*Source records*

-- -- --

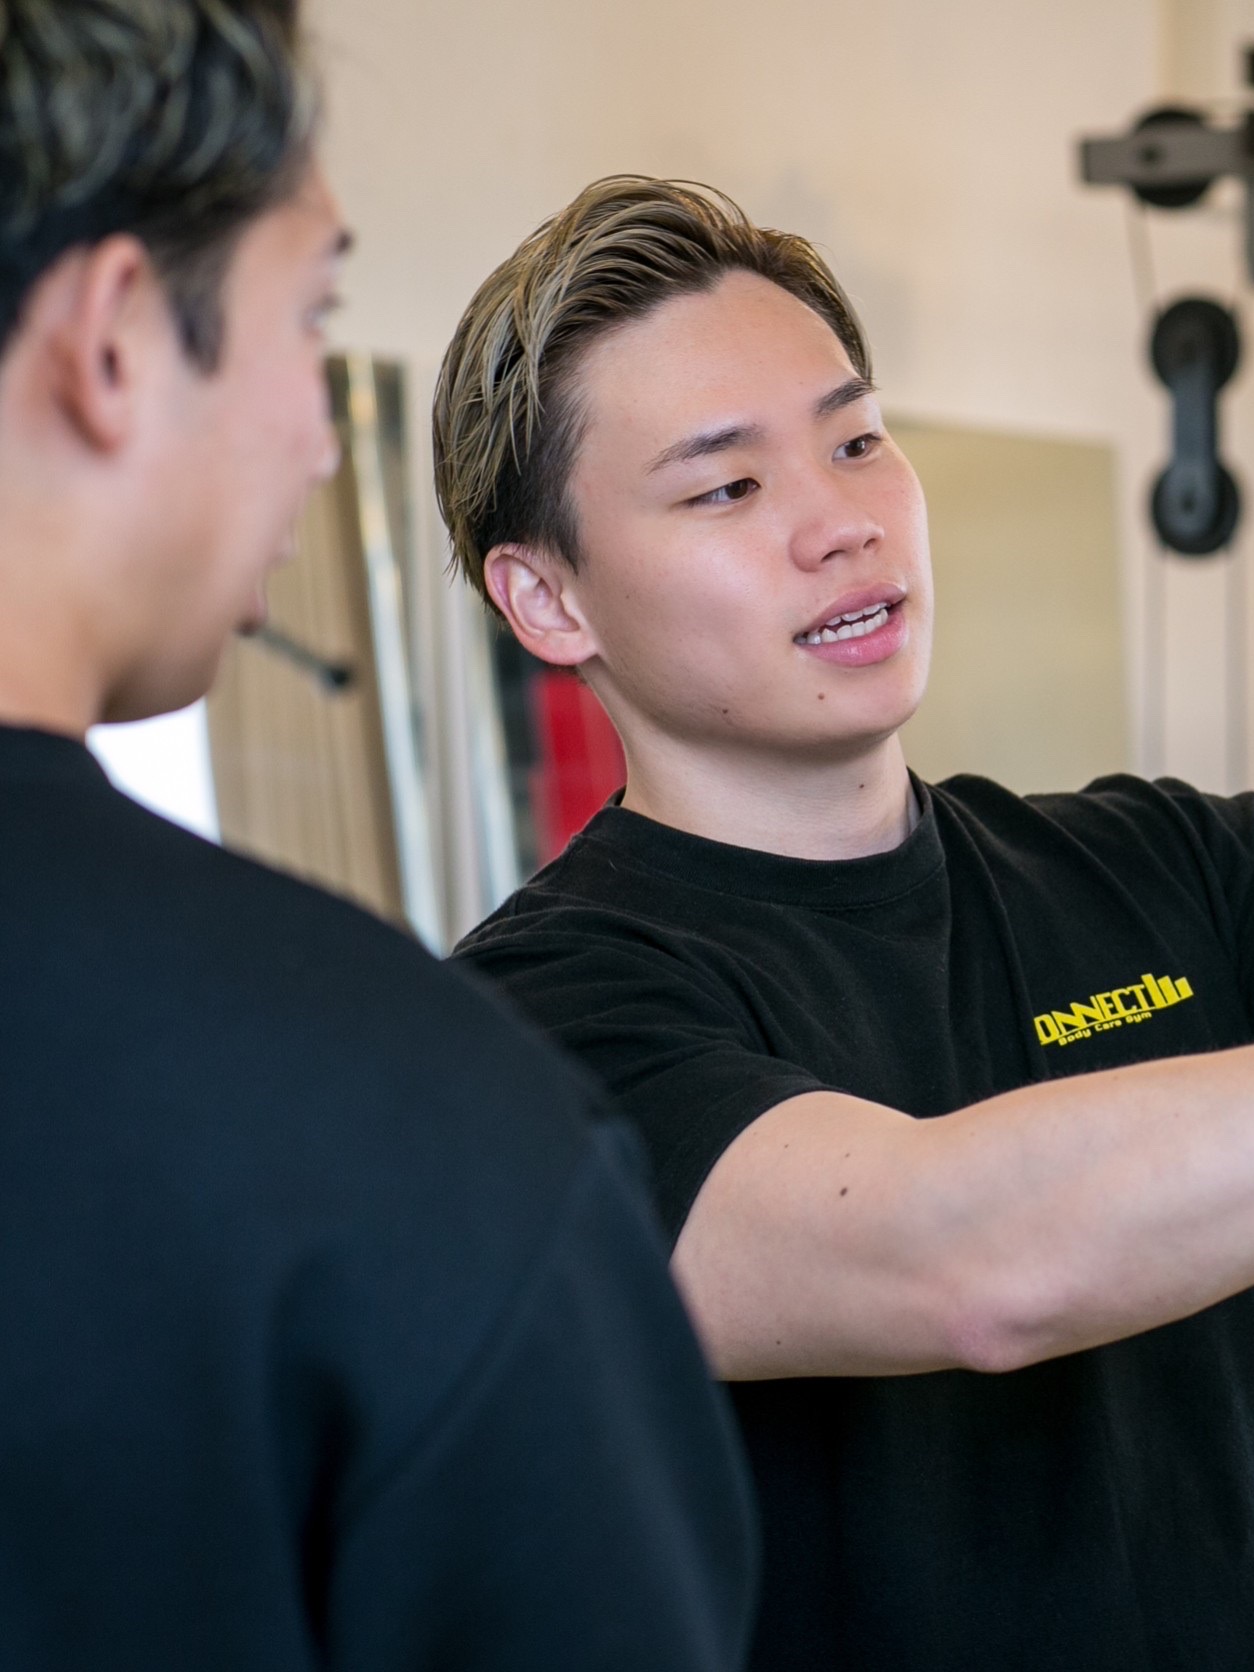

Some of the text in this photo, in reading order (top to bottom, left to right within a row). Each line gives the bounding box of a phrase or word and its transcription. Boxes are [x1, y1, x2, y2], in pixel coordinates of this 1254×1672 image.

[1033, 983, 1150, 1046] ONNECT
[1058, 1010, 1153, 1047] Body Care Gym
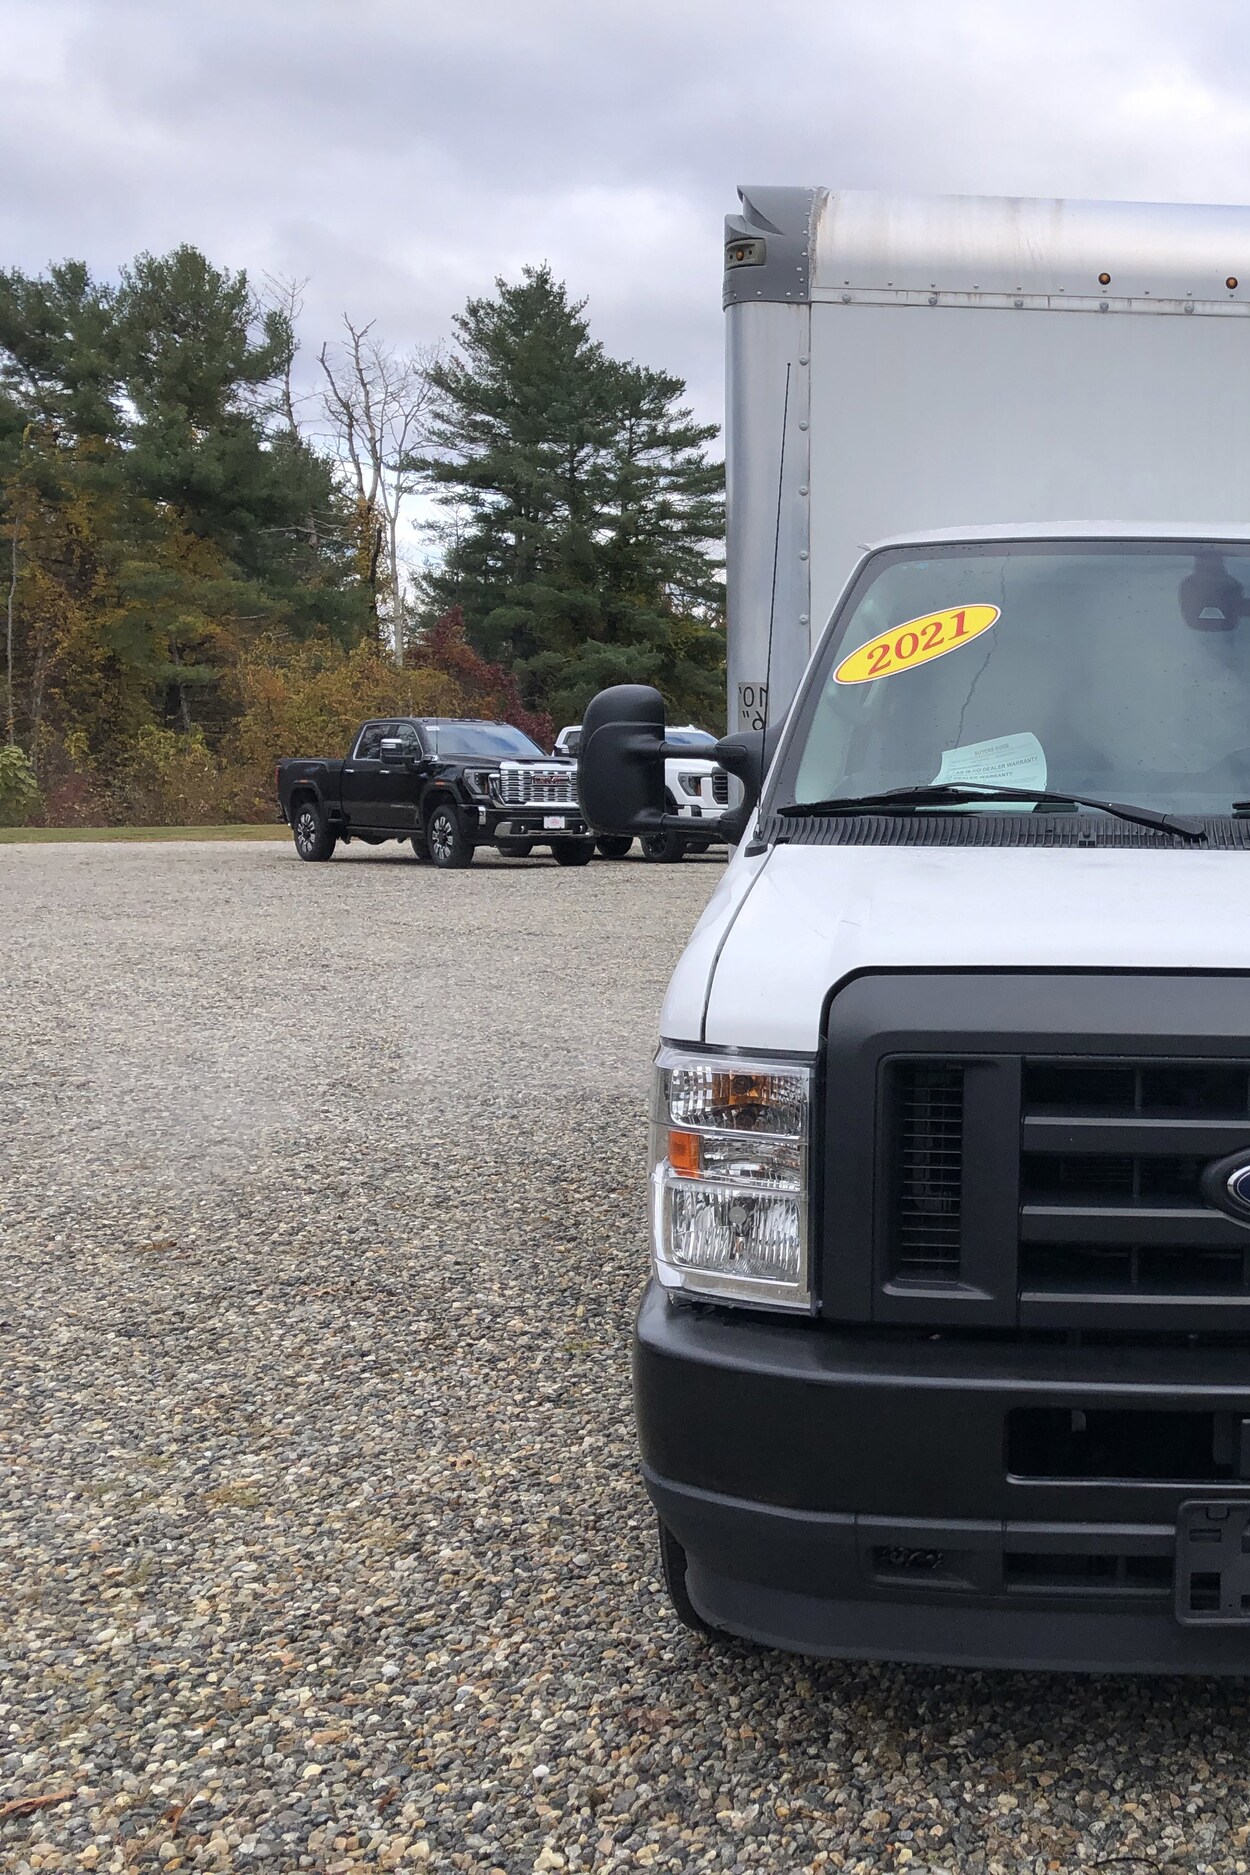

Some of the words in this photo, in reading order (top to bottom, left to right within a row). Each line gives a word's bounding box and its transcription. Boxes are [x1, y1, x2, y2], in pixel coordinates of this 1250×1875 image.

[866, 610, 970, 676] 2021
[982, 763, 1006, 772] DEALER
[1006, 756, 1038, 768] WARRANTY
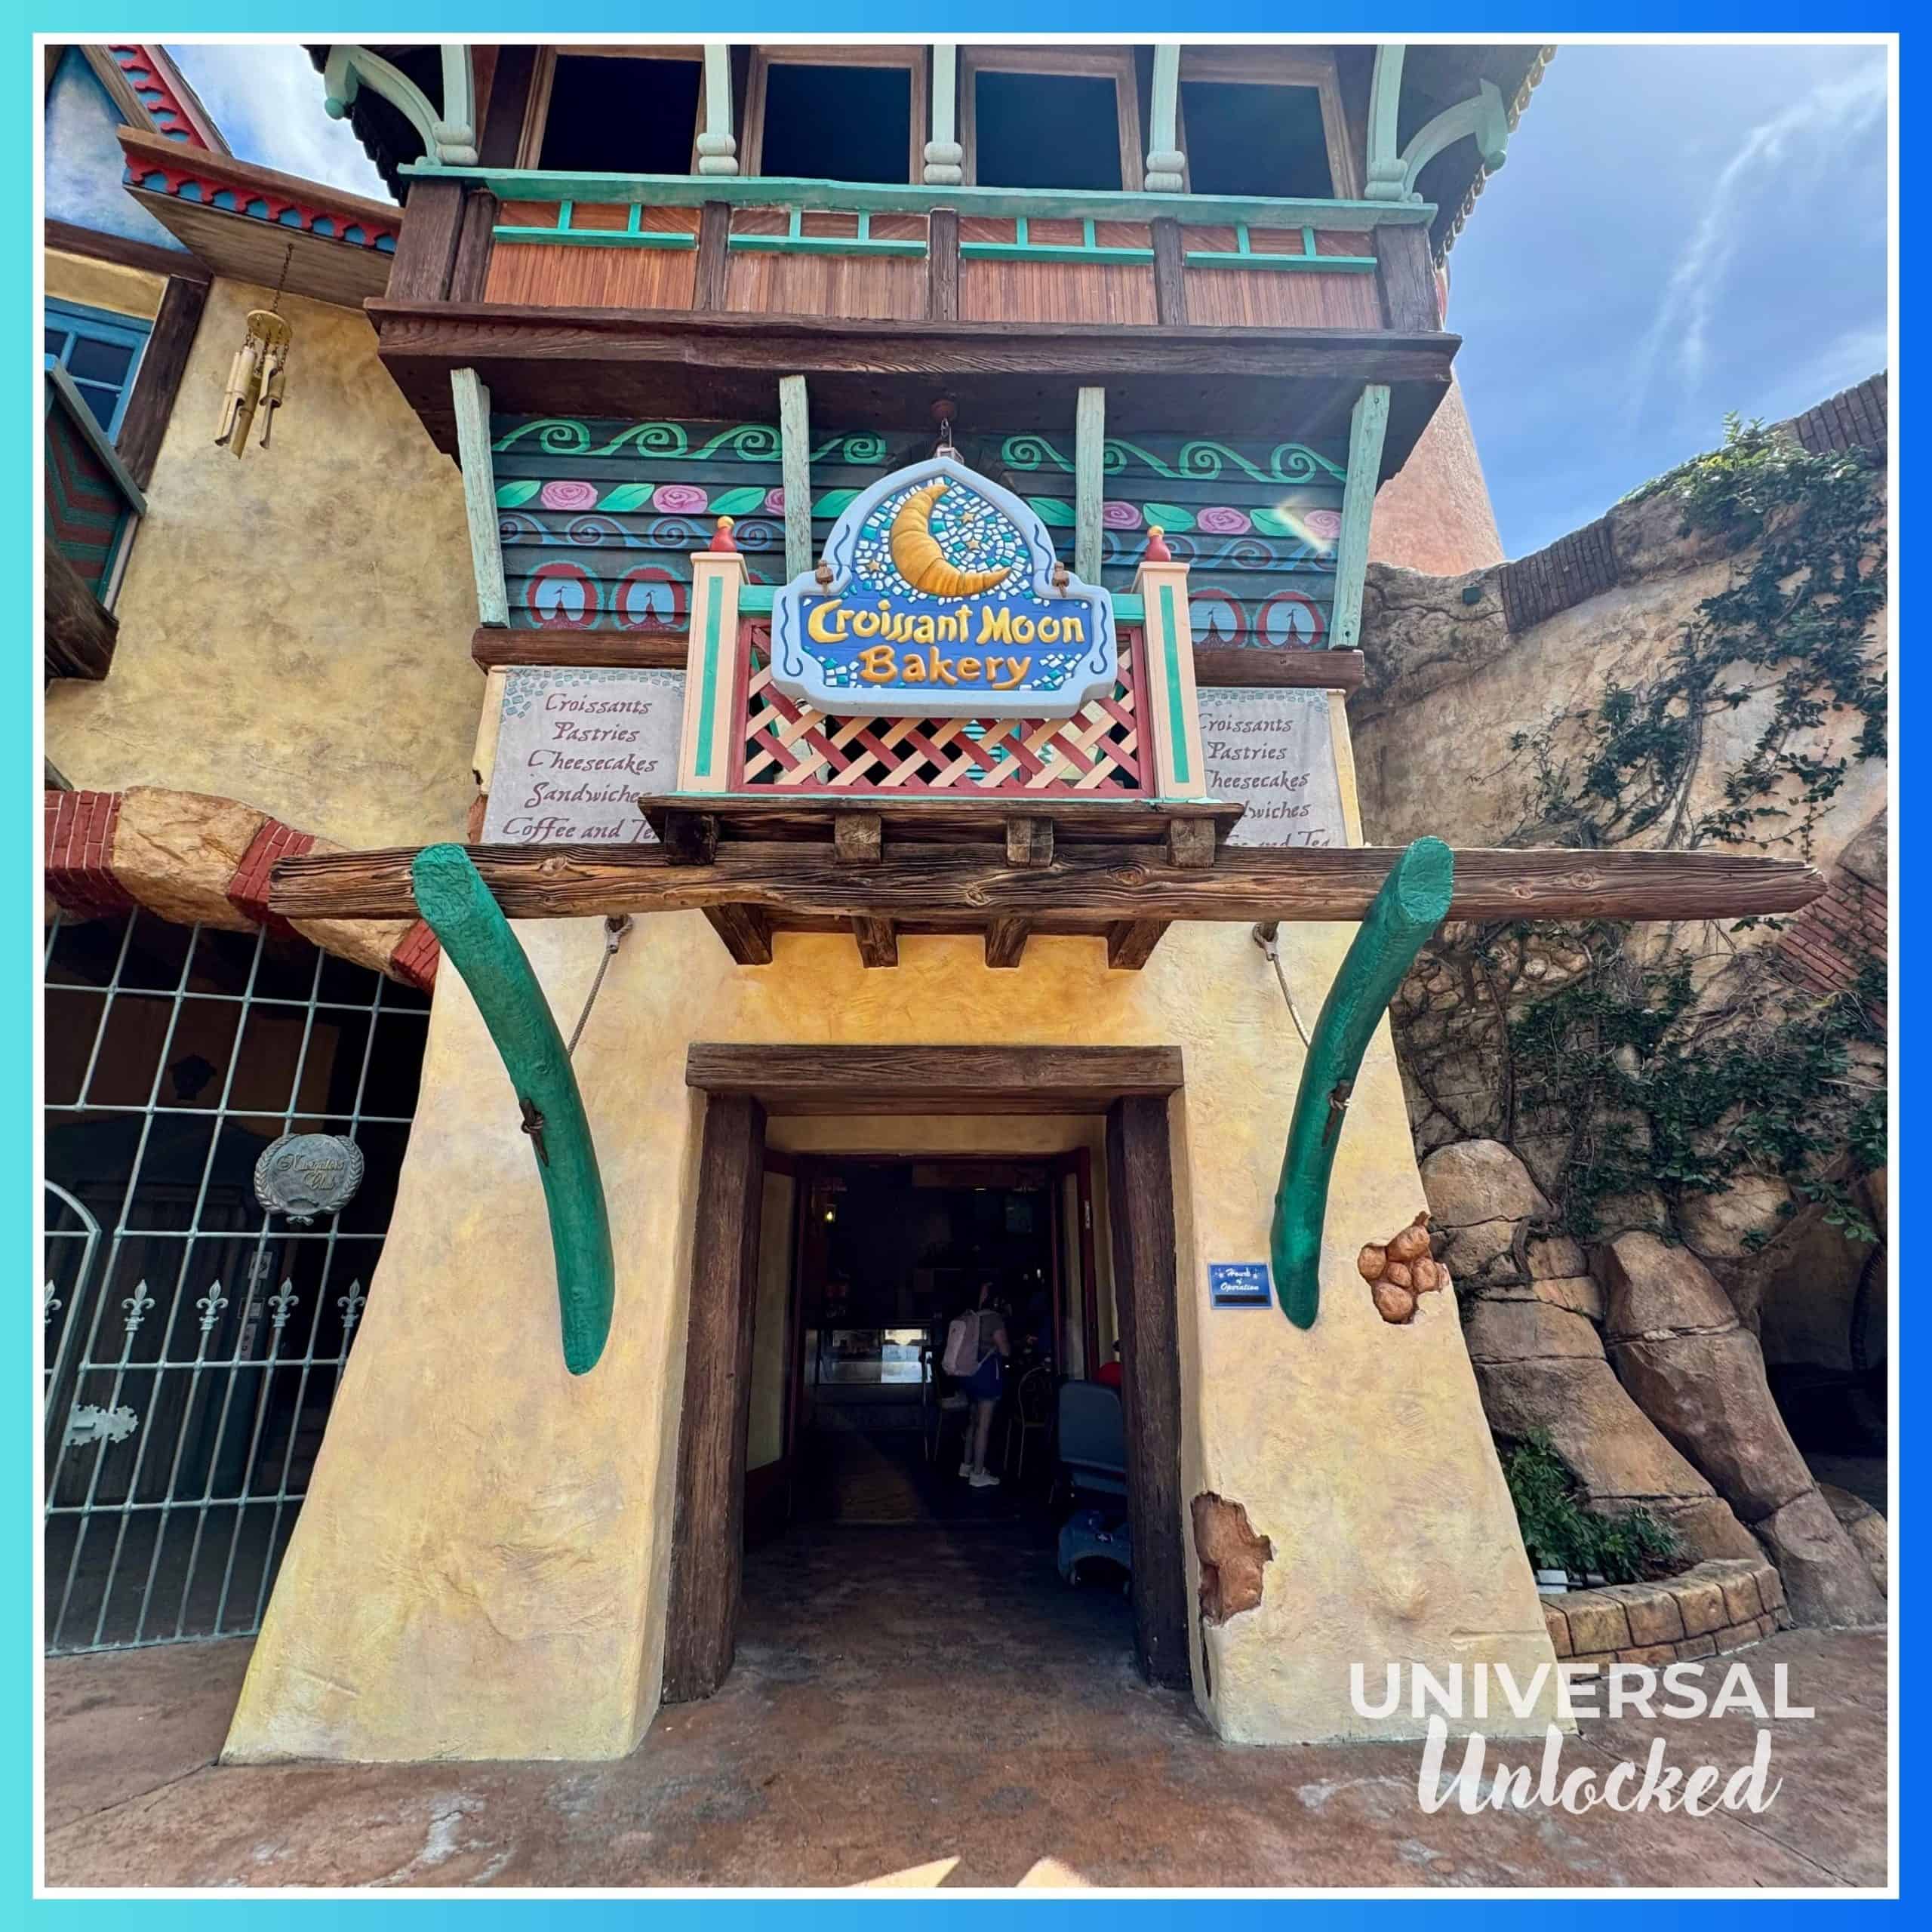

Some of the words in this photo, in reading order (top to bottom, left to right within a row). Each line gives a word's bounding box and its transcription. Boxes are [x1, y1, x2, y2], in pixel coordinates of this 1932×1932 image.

[807, 598, 974, 644] Croissant
[976, 605, 1085, 645] Moon
[858, 645, 1032, 690] Bakery
[545, 692, 653, 714] Croissants
[552, 721, 640, 742] Pastries
[528, 749, 658, 775] Cheesecakes
[1207, 741, 1287, 761] Pastries
[1204, 769, 1311, 792] heesecakes
[524, 782, 653, 808] Sandwiche
[503, 817, 575, 843] Coffee
[580, 818, 626, 838] and

-- -- --

*To do*
Your answer must be an exact copy of the lines from the line with "this 1250×1875 image." to the final line of the data, both ends included, and no pictures.

*The answer*
Some of the words in this photo, in reading order (top to bottom, left to right within a row). Each line gives a word's bounding box and its transcription. Boxes are [x1, y1, x2, y2], in pixel coordinates of this 1250×1875 image.

[866, 610, 970, 676] 2021
[982, 763, 1006, 772] DEALER
[1006, 756, 1038, 768] WARRANTY

Some of the words in this photo, in reading order (top to bottom, left to right within a row). Each line gives a word's bounding box and its transcription. Boxes are [x1, y1, x2, y2], in pixel coordinates of this 1932×1932 image.

[807, 598, 974, 644] Croissant
[976, 605, 1085, 645] Moon
[858, 645, 1032, 690] Bakery
[545, 692, 653, 714] Croissants
[552, 721, 640, 742] Pastries
[528, 749, 658, 775] Cheesecakes
[1207, 741, 1287, 761] Pastries
[1204, 769, 1311, 792] heesecakes
[524, 782, 653, 808] Sandwiche
[503, 817, 575, 843] Coffee
[580, 818, 626, 838] and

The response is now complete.